Only child deals with foggy trust

The elusive streetcar

Trust – that should be a four-letter word and that can go either way – good or bad. With me it is rocky. I admit I have trust issues and with good reason stemming from my only child childhood. However, walking through fog late last Friday night may have taught me something about trust.

It was a dark and foggy night last Friday. I had spent the evening until after 11 p.m. in a pub at the Royal Agricultural Winter Fair in Toronto. My son and his country/bluegrass band, The Sure Things, were playing there, so after wandering through the fair during the afternoon, I stopped by the pub for dinner and to catch the show. So it was sunny when I arrived at the fair. When I left it was a different matter.

The matter was dense fog and trying to get through it to a streetcar stop on the grounds which turned into an exercise in trust. Everyone was helpful from my son’s girlfriend and another of her friends walking me partway towards an exit, to the security guard who gave me directions and showed me the way out of the building.

When I exited the building I found myself encased in a white misty blur with a few yellow lights popping up here and there. And it wasn’t my bad eyesight. So, I got turned around. If I could have seen the building I would have known to turn left to walk to the streetcar stop where I had come in. That way I could just follow the buildings but I could barely make out the buildings. So I struggled along towards the other streetcar stop where the security guard told me to go.

It was like walking blind. Parked cars and cabs kept materializing but I couldn’t afford a cab. I asked the few people I did see where the streetcar stop was. All were helpful. What they and I didn’t know was that the gate to its entrance was closed, locked. I did find it but ended up walking along the sidewalk outside the fenced-in area where you boarded the streetcar. I finally gave up on this walk and returned to a parking lot where an attendant was directing traffic.

I asked him the way to the streetcar stop and got the same answer as from everybody else.

“The gate is closed,” I replied. “How do I get to Strachen Avenue for the other stop?”

“Just take this road right here and it will take you right to Strachan.”

“This road” seemed to be part of the parking lot, but I kept walking on it, facing the  traffic – very little, including a police car. If my wits hadn’t been all fogged up from the weather, I would have flagged the police down and asked, “Am I on the right track?”

The buildings on my right appeared like generic blobs,  but I could see the walkway and the fence on the left where I had been before. At one point I just followed the streetcar tracks, not difficult when they came close to the road and I could actually see them.

Yes, I got out and fortunately saw two streetcars going the other way so knew they had to come back soon from the nearby loop. Then I looked at a sign posted on the streetcar stop – something about certain streetcar lines detoured between what looked like 2 p.m. and 6 p.m. but it could have been a.m. I had trouble reading it – not because of the fog or even the print size. The notice  was just hanging too high for someone barely scraping five feet in height to see.

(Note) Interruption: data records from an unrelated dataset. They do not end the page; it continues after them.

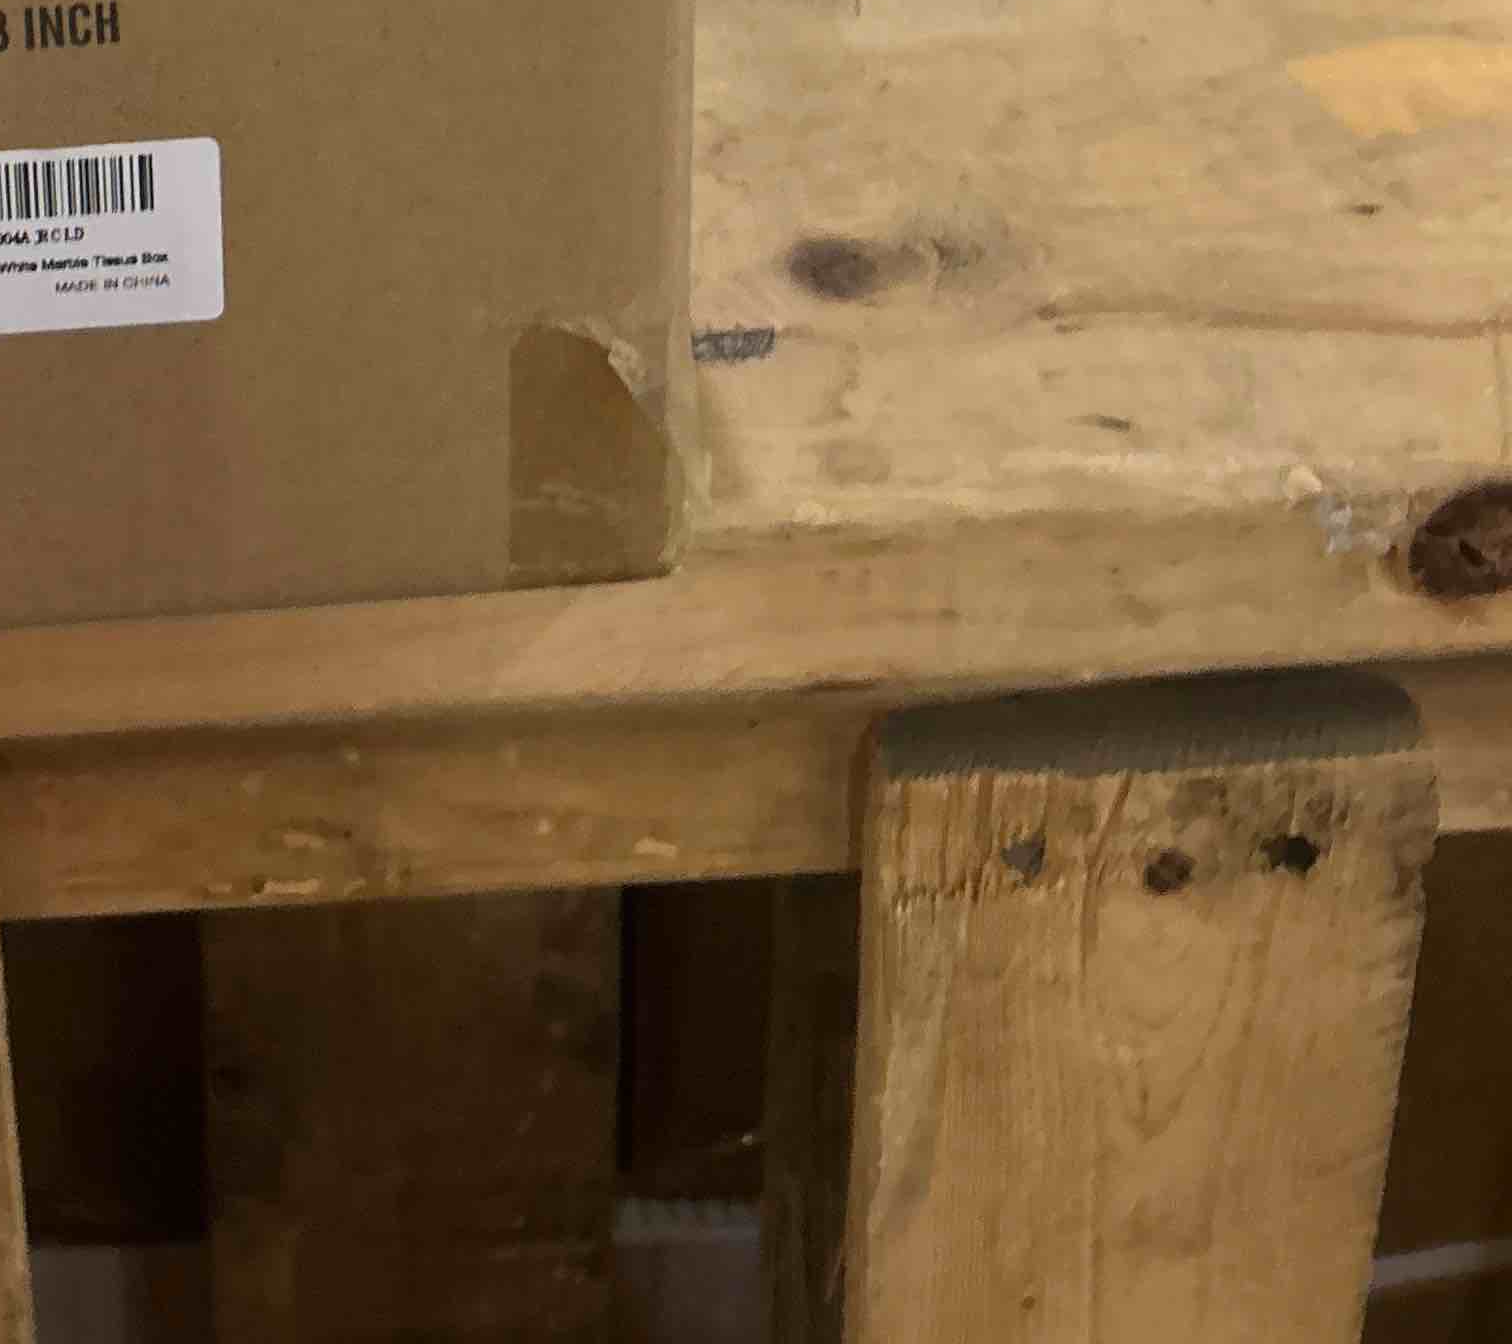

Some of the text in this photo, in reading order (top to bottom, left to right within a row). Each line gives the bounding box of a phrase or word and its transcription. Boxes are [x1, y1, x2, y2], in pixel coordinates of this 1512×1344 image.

[24, 1, 121, 52] INCH
[41, 257, 88, 272] Marble
[93, 253, 138, 269] Tissue
[142, 251, 169, 266] Box
[55, 272, 170, 295] MADE IN CHINA

The wait for the streetcar was longer than expected and the streetcar that arrived wasn’t the one I thought had been at the front of the two heading for the loop. Maybe the front runner had done a detour (although where?) No matter. The streetcar that showed up was the one I wanted and when I got on and sat down I breathed a sigh of relief.

So what got me through this? Yes, perseverance, but more so trust in myself. Trust, that despite feeling frightened, stranded and alone I could get out. I had the wits to do it myself. I knew enough to ask for help as I tried to get out, but I also discovered I had to trust that I could get myself out.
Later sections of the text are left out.